Data records >>
====
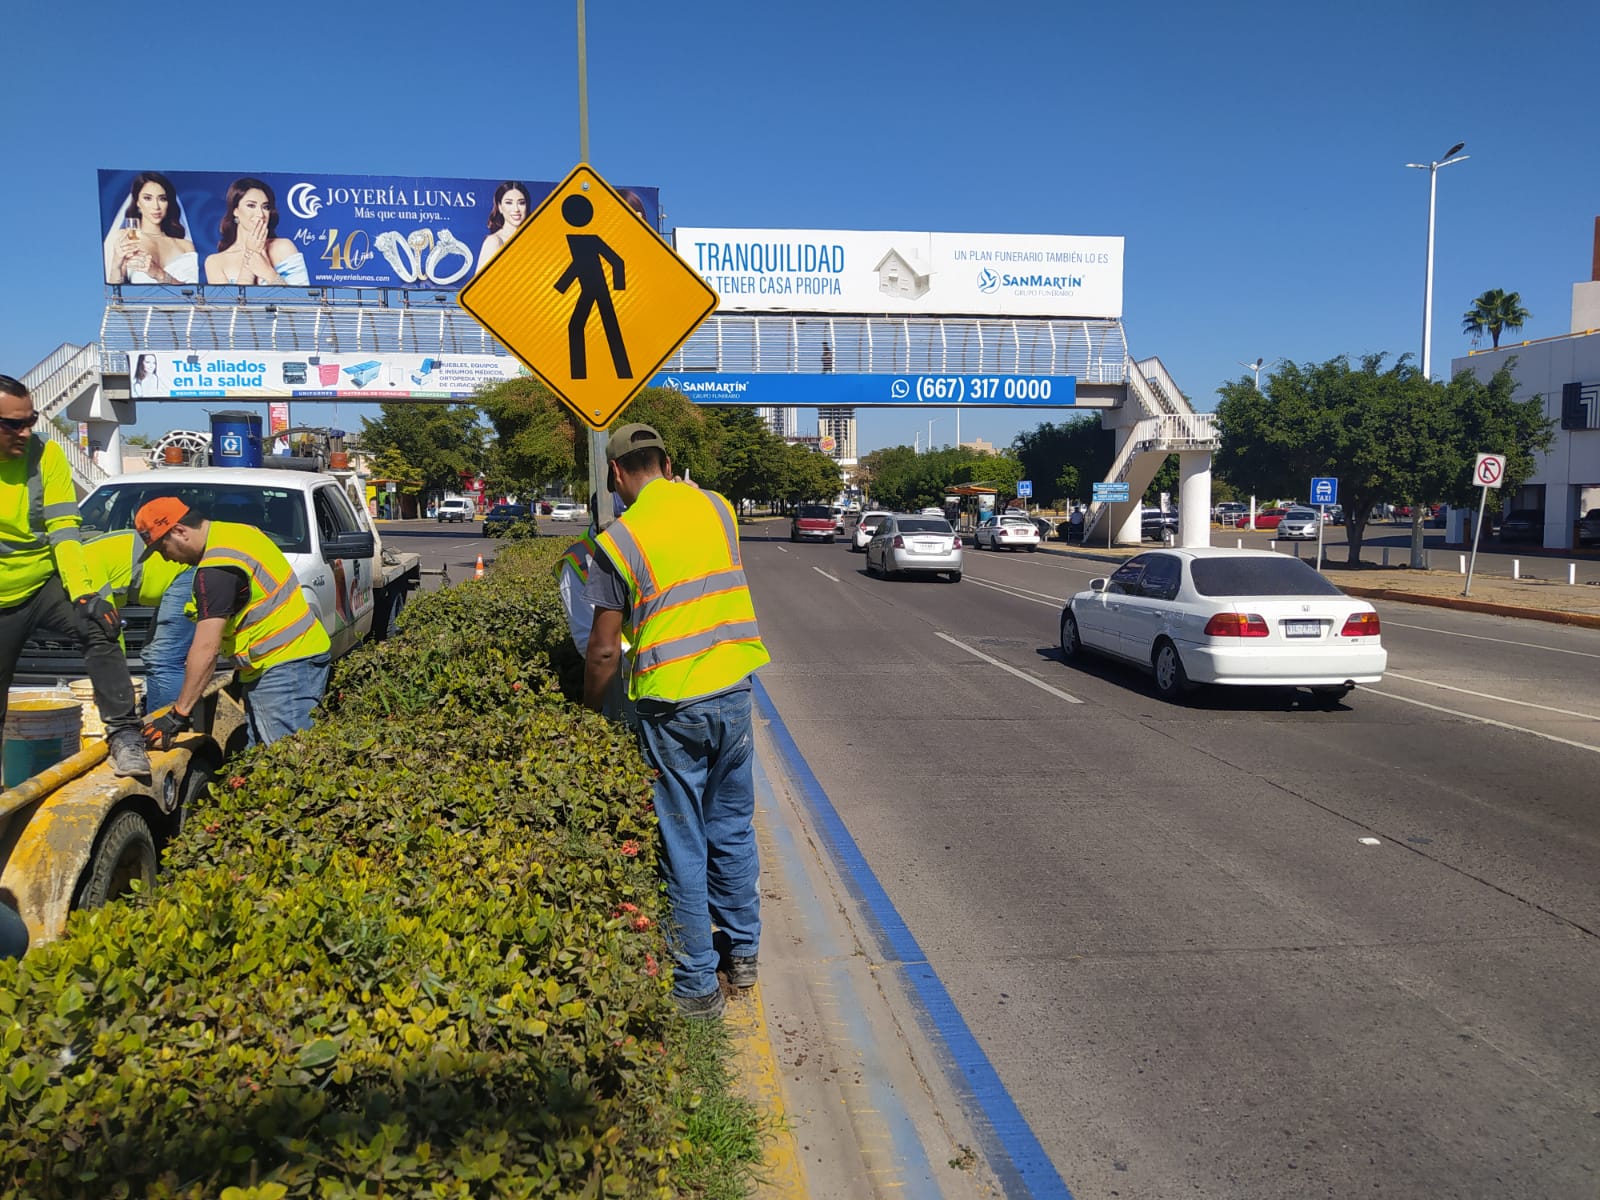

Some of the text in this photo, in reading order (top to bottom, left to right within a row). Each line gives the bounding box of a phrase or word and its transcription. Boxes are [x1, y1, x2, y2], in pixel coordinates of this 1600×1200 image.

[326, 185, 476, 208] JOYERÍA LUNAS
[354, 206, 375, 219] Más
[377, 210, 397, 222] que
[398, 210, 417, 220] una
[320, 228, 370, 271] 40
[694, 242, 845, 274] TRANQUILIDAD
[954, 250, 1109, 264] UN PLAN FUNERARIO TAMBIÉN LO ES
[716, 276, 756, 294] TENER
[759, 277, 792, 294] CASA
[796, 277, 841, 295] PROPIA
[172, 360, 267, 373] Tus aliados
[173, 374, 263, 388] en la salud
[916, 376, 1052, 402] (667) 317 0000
====
TASK TO CARRY OUT >> Would you output the data exactly, without any of its images?

REPLY TO THE EXERCISE >>
Some of the text in this photo, in reading order (top to bottom, left to right within a row). Each line gives the bounding box of a phrase or word and its transcription. Boxes are [x1, y1, x2, y2], in pixel coordinates of this 1600×1200 image.

[326, 185, 476, 208] JOYERÍA LUNAS
[354, 206, 375, 219] Más
[377, 210, 397, 222] que
[398, 210, 417, 220] una
[320, 228, 370, 271] 40
[694, 242, 845, 274] TRANQUILIDAD
[954, 250, 1109, 264] UN PLAN FUNERARIO TAMBIÉN LO ES
[716, 276, 756, 294] TENER
[759, 277, 792, 294] CASA
[796, 277, 841, 295] PROPIA
[172, 360, 267, 373] Tus aliados
[173, 374, 263, 388] en la salud
[916, 376, 1052, 402] (667) 317 0000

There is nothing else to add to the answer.